Hace muchos años, muchas calles, en medio de las horas y los soles de enero, Sebastián decidió ponerse el traje de Parachico.
Llegó su momento, como canto de gallo, casi en el despertar del sol. Tomó la máscara como si fuera su vida y dejó que la madera de cedro recorriera su rostro, que desdibujara la cara de niño y tejiera a uno de los personajes más importantes de la Fiesta Grande.
Aquella vez se vio al espejo: observó que sus ojos eran del color Río Grande, lleno de pececillos y de piedras lisas; y su sombra tan extensa como su cultura, que apenas cabía en el espejo.
Descubrió que en él algo nace y muere en los primeros días del año. Sabía que, dentro de él latía el corazón del tambor, ese sonido que alguna vez escuchó del pecho de su abuelo y de su padre.
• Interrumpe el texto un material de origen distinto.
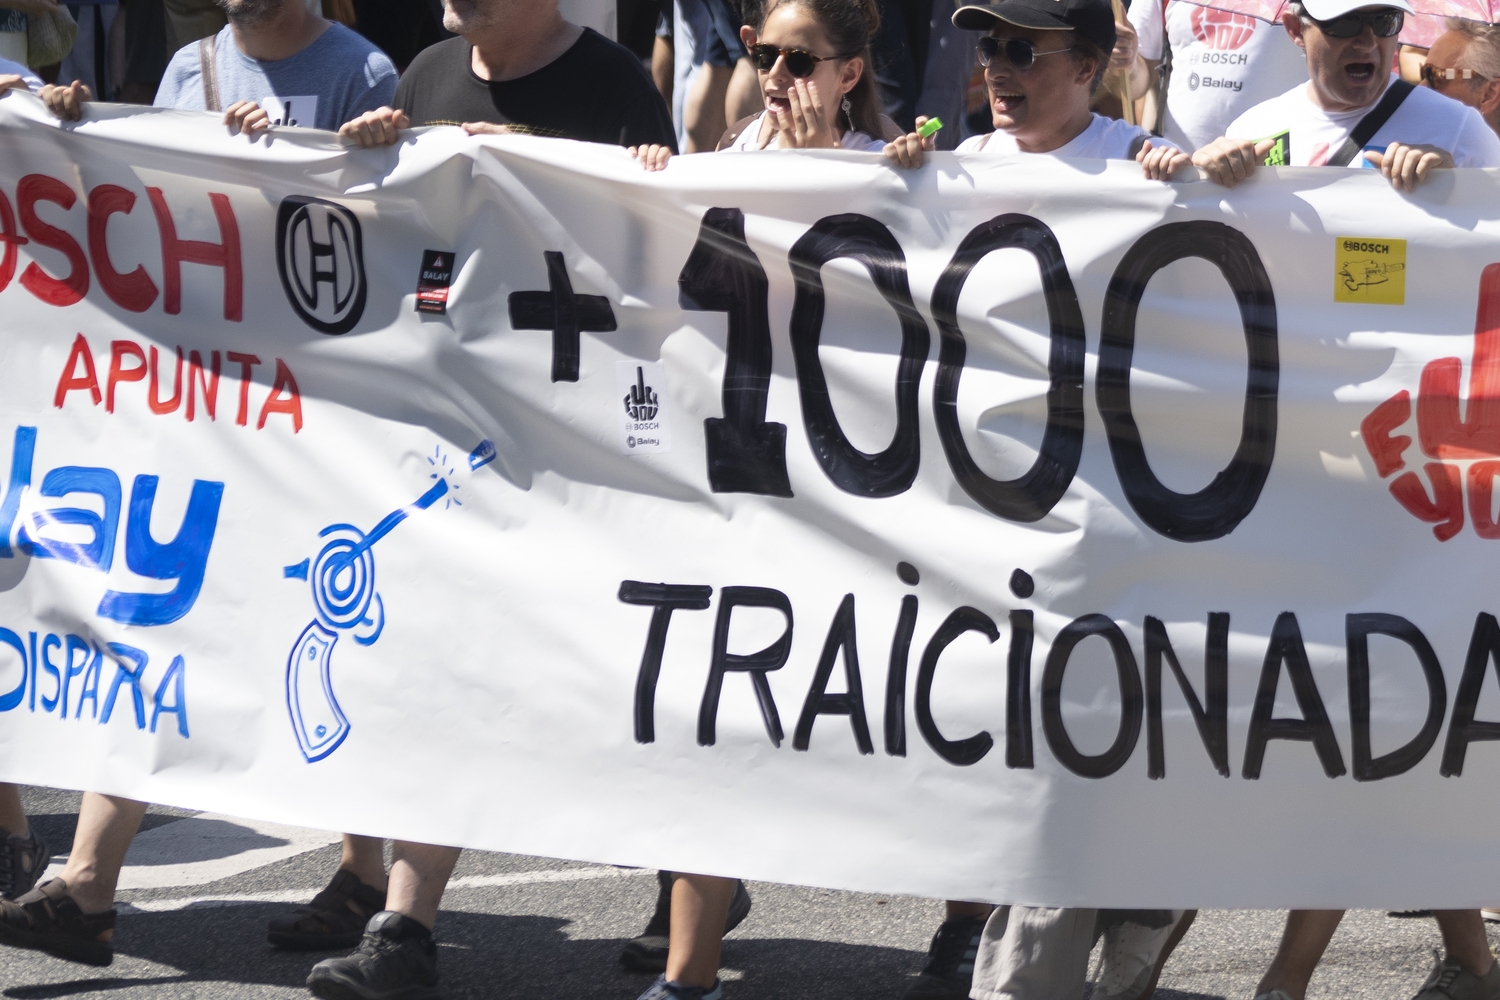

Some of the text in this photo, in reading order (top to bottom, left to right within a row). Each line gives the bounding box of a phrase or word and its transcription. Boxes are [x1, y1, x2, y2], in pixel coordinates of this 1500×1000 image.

[1202, 53, 1248, 65] BOSCH
[1202, 76, 1243, 92] Balay
[1353, 242, 1389, 254] BOSCH
[422, 270, 449, 281] BALAY
[53, 332, 303, 434] APUNTA
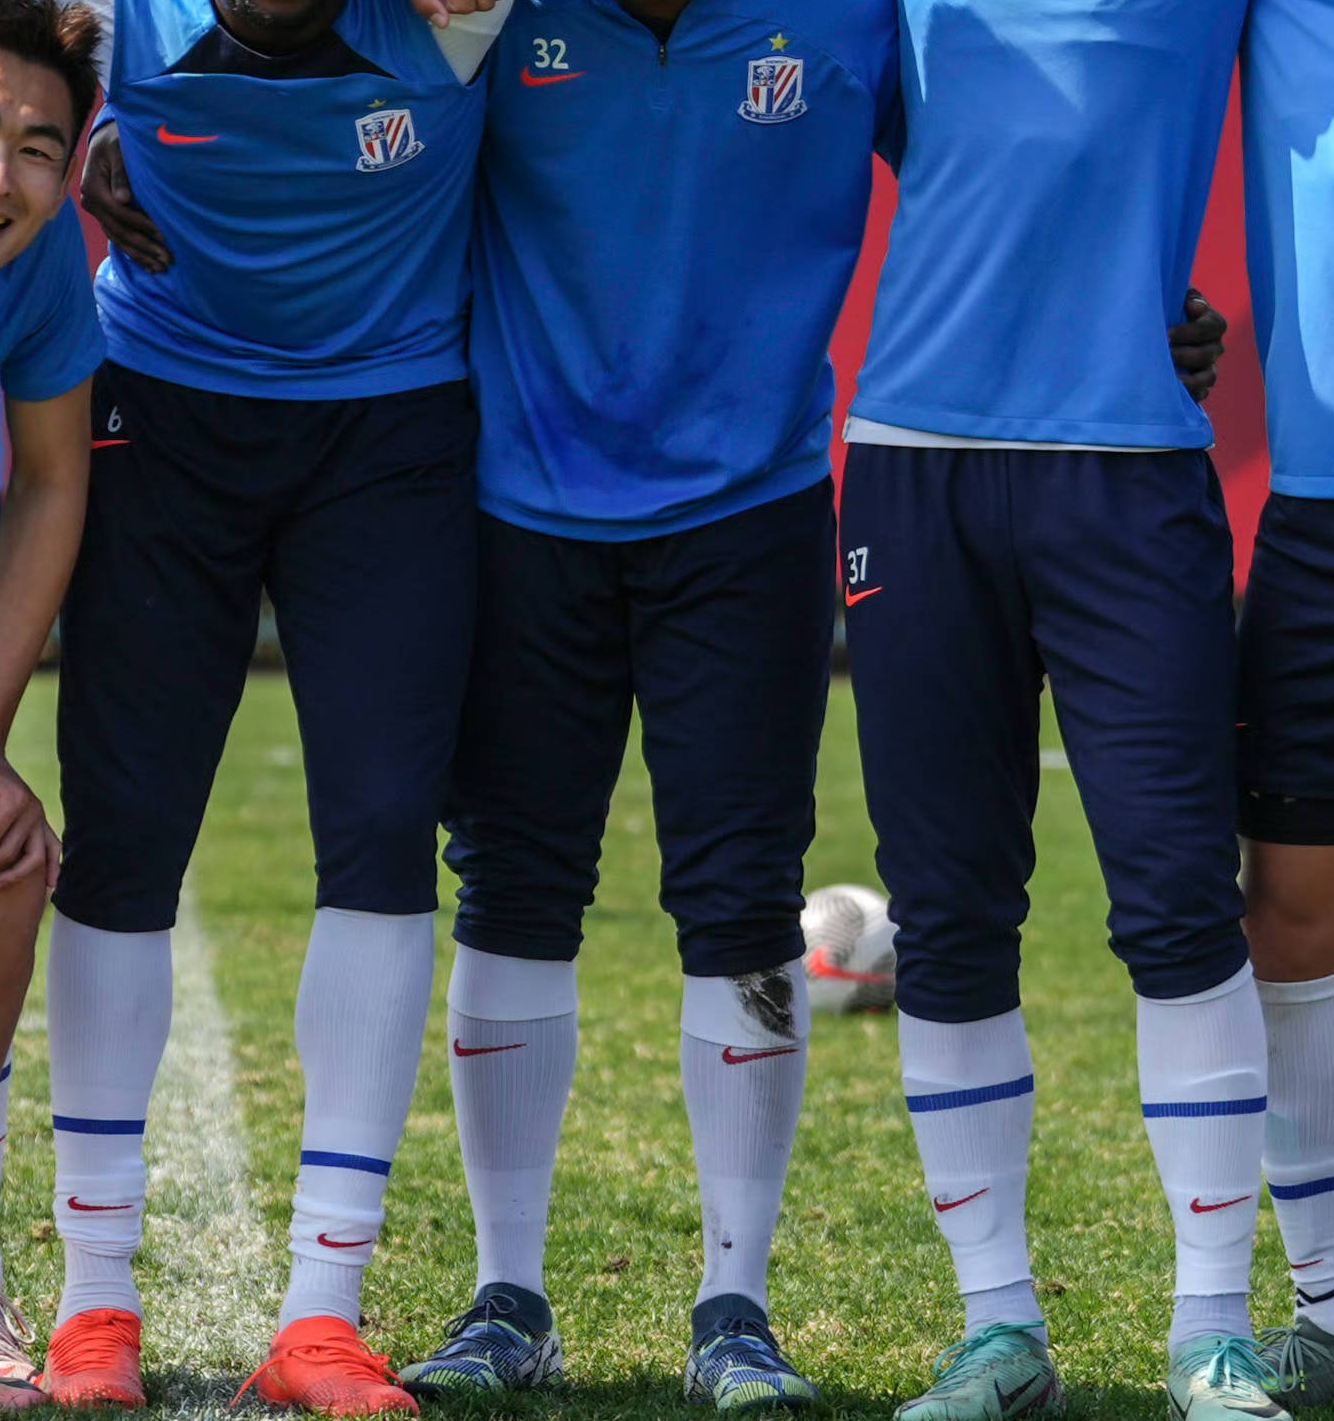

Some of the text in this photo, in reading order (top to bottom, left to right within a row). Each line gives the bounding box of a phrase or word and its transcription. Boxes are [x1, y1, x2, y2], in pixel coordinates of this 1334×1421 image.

[533, 37, 569, 69] 32
[107, 405, 123, 433] 6
[848, 546, 869, 584] 37
Los Parachicos cantan, se dijo, rezan entre cánticos, se cubren de la divinidad, del sincretismo religioso, de una cultura que llama.
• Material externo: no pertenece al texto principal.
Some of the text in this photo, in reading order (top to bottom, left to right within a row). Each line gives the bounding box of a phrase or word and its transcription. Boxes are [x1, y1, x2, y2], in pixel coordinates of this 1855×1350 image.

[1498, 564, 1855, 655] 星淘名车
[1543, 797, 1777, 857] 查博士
Por ello, decidió salir este 4 de enero a festejar al Niño de Atocha y ser uno de los tantos niños y niñas que mediante el recorrido por las calles con el Patrón Rubisel Gómez Nigenda, fortalecen y preservan la identidad cultural del pueblo.
Levantaba el brazo casi a la altura del cielo, levanta el brazo, como cualquier niño que sabe que cuando sea grande, será Parachico.